Collaborative Filtering is a technique where we try to find similarities between likes of people. Suppose we want to find similarities of the movie rankings of two people, we will sort movies by ranking of one person's preference and then put ranks given by the second person for those movies.

For example if your ranked 3 movies A, B and C as your favorite movies and your friend ranked their favorite movies as B A C then between you and the your friend the ranking list becomes 2 1 3 because A is your favorite movie but is second favorite for B. Similarly B is your second favorite movie but your friend's favorite. Both you and your friend's choice match for the third best movie.

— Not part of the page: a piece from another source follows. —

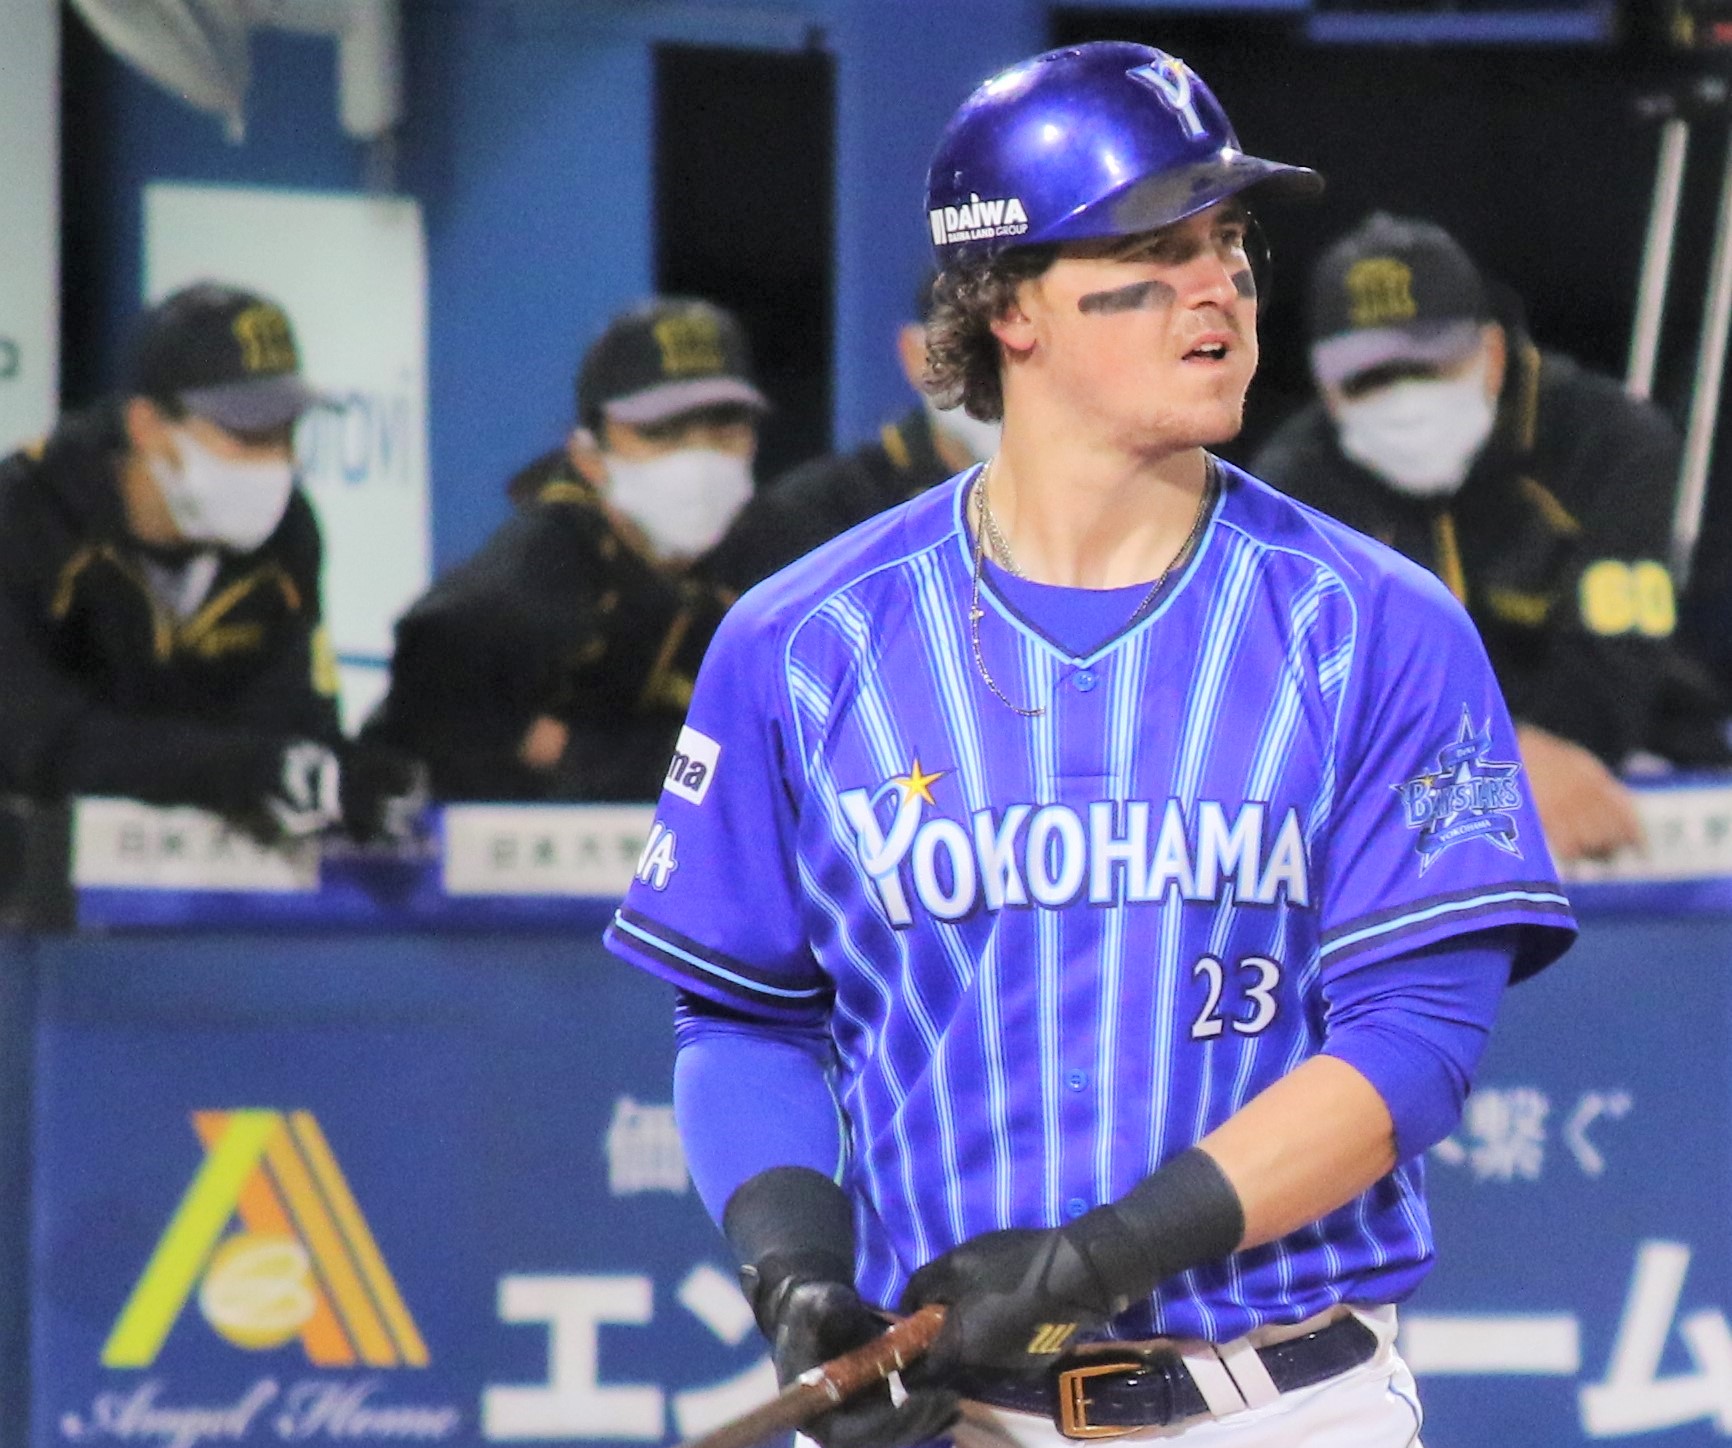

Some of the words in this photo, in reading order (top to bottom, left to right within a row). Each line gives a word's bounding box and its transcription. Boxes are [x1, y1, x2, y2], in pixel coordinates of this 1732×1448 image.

From the above example we see that if two people have similar tastes, both the arrays would be identical and there would be no inversions. Higher the number of inversions more are the differences in the preferences.

We will use divide and conquer algorithm like Merge sort to find the number of inversions in an array. The number of inversions in an array A are the number of pairs of indices $(i, j)$ where $i < j$ and $A[i] < A[j]$

An array that is sorted has no inversions, the converse is also true, that is, an array with no inversions is sorted and is not sorted if it has atleast one inversion.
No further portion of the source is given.